India Inc opined that the Budget should outline measures to aid the recovery process by improving demand and enhancing capital expenditure on infrastructure, observing that it is expected to focus on fiscal management and reforms to give a booster dose to the economy.

Finance Minister Nirmala Sitharaman will present the Budget for 2022-23 in Parliament on Tuesday whereas the Economic Survey 2021-22 was unveiled on Monday.

Ficci President Sanjiv Mehta said, “As per the Economic Survey, India is expected to see further momentum in economic recovery, with GDP growth projected at 8-8.5 per cent for 2022-23.

“While this is encouraging, we need to be mindful of the fact that some of the assumptions that underpin this projection could turn out to be more complex and limit the growth projection towards the lower end of the band”.

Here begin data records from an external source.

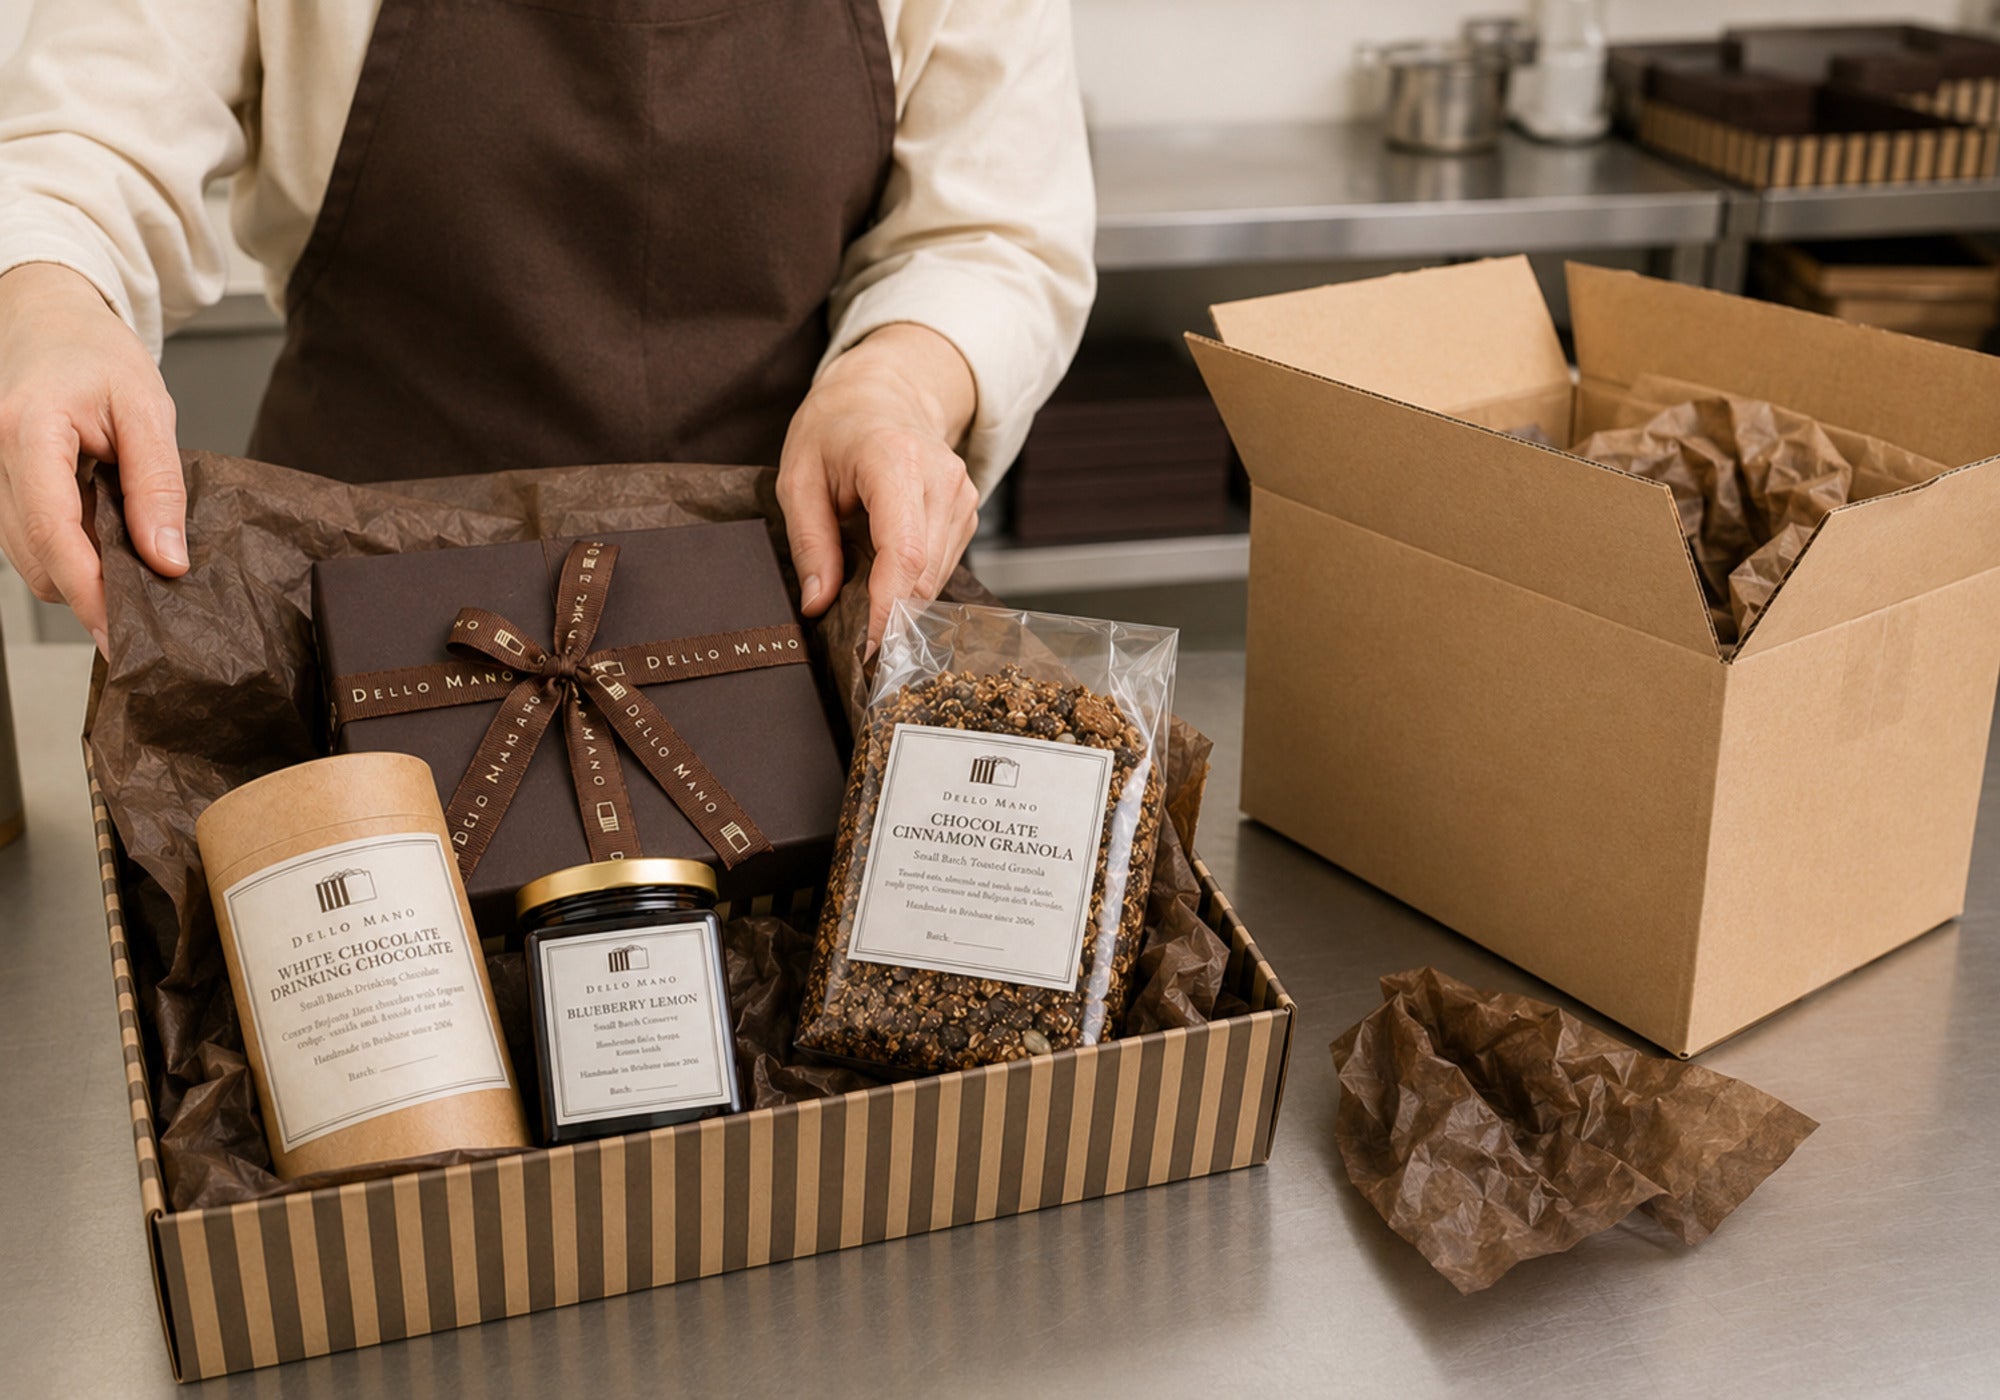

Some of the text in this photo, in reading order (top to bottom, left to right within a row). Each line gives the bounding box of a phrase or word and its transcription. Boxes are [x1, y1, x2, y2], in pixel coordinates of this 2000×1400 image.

[646, 638, 799, 670] DELLO MANO
[352, 670, 514, 703] DELLO MANO
[582, 726, 605, 786] MANO
[626, 704, 718, 813] DELLO MANO
[942, 791, 1038, 812] DELLO MANO
[930, 812, 1039, 838] CHOCOLATE
[892, 824, 1074, 862] CINNAMON GRANOLA
[913, 850, 1046, 878] Small Batch Toasted Granola
[291, 908, 415, 949] DELLO MANO
[278, 927, 441, 981] WHITE CHOCOLATE
[270, 941, 454, 1001] DRINKING CHOCOLATE
[586, 976, 677, 994] DELLO MANO
[300, 993, 326, 1013] Small
[354, 976, 398, 994] Drinking
[567, 993, 698, 1020] BLUEBERRY LEMON
[594, 1022, 616, 1032] Small

He observed that the evolving geo-political developments and their impact on oil prices, the likely accelerated pace of monetary policy normalisation by central banks and the still uncertain trajectory of the Covid-19 pandemic could throw up newer challenges for the economy in the year ahead.

“It is therefore important that the upcoming Union Budget outlines measures that would aid the recovery process by improving demand and enhancing capex on infrastructure,” added Mehta.

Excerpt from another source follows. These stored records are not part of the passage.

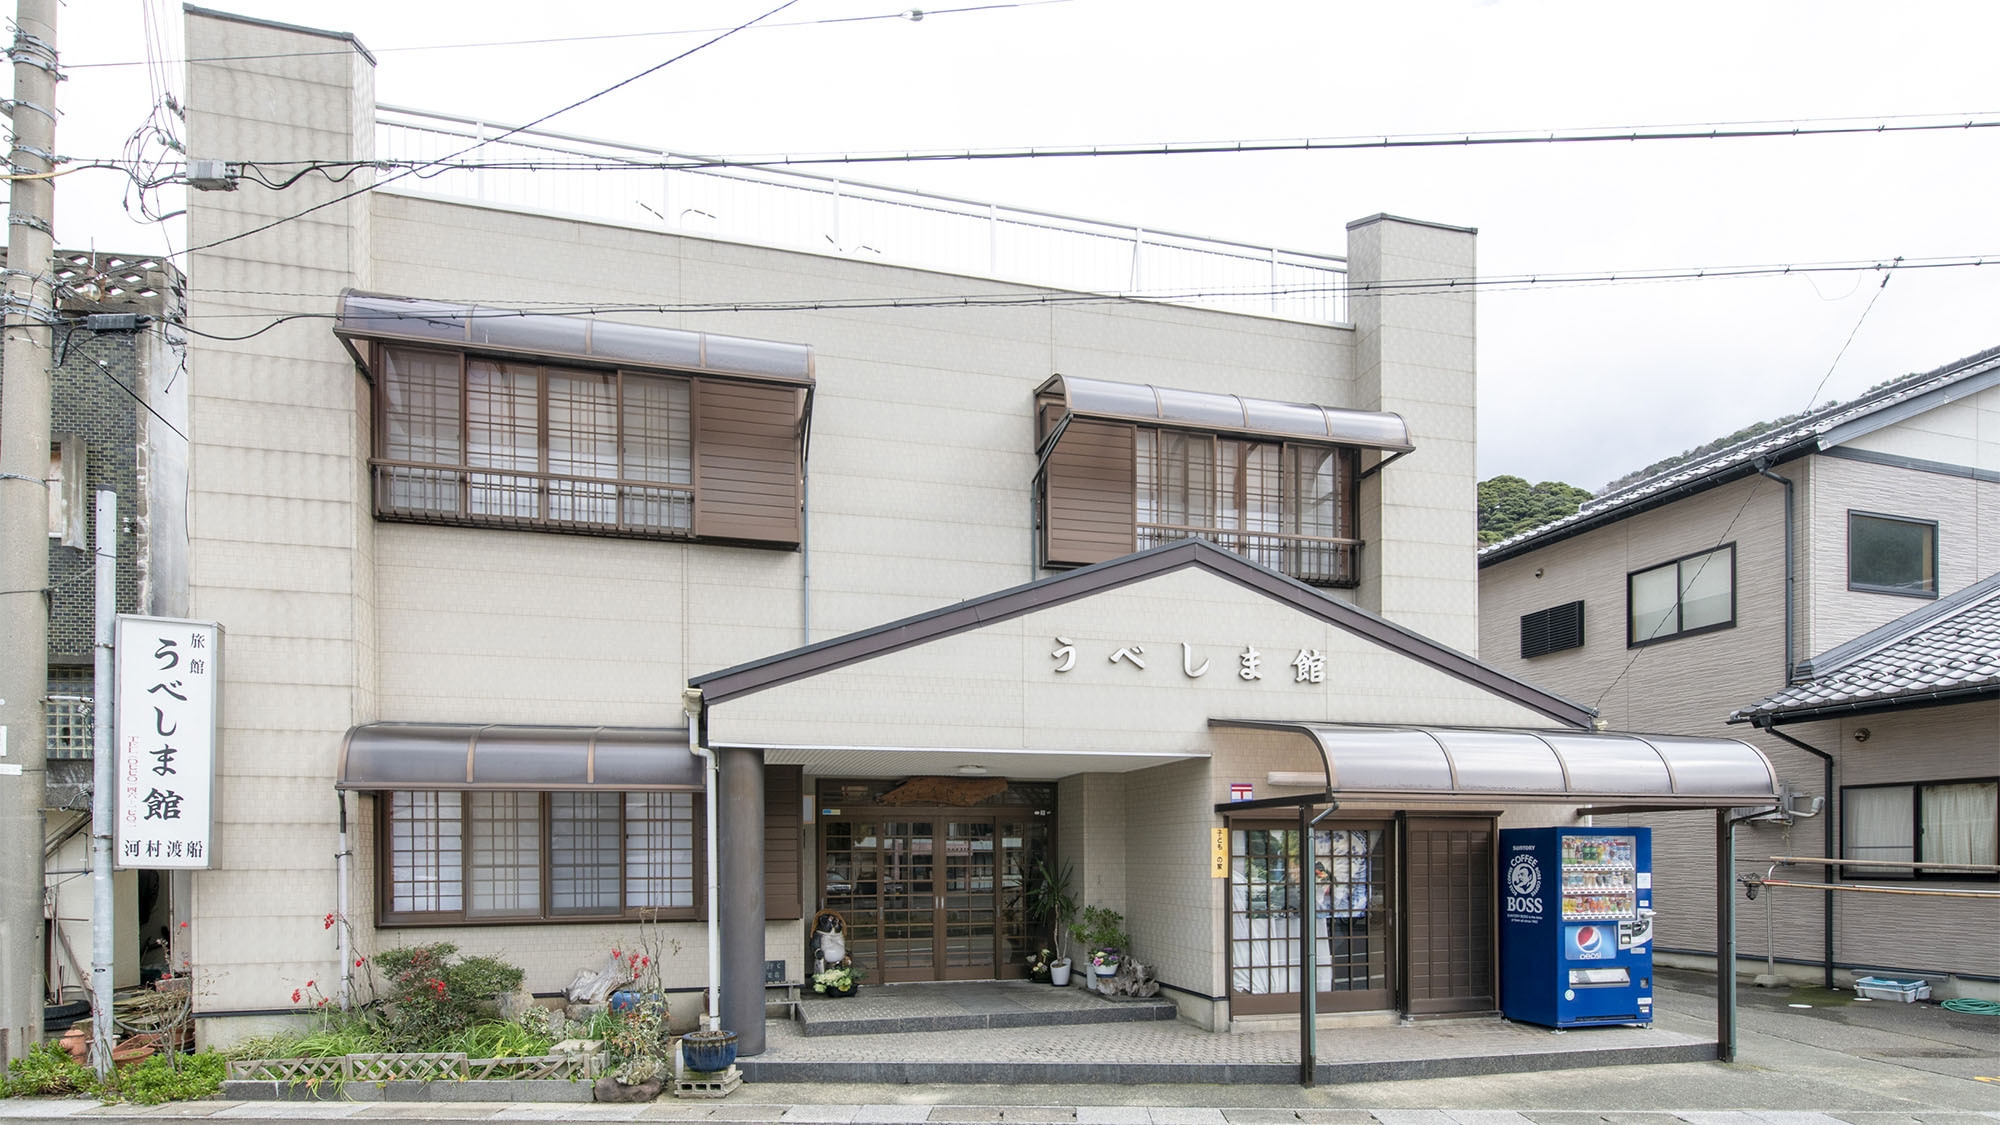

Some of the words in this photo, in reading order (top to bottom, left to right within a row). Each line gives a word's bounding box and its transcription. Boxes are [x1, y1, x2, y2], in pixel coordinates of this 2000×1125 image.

[189, 632, 206, 675] 旅館
[1050, 636, 1328, 684] うべしま館
[143, 638, 187, 821] うべしま館
[124, 839, 204, 859] 河村渡船
[1510, 854, 1538, 867] COFFEE
[1507, 897, 1543, 913] BOSS

Ranen Banerjee, a partner and leader of economic advisory services at PwC India said the survey recognizes the risks faced by the economy and the growth projection of 8-8.5 percent is possibly at the optimistic end of the spectrum given several underlying assumptions. The projections are based on assumptions that there will be no further debilitating pandemic related disruption.

Elaborating further, he said the forecast is based many positive assumptions like there will be normal monsoons, global central banks will undertake an orderly withdrawal of liquidity, crude prices will range in USD 70-75 a barrel during FY23 and global supply chains will ease gradually.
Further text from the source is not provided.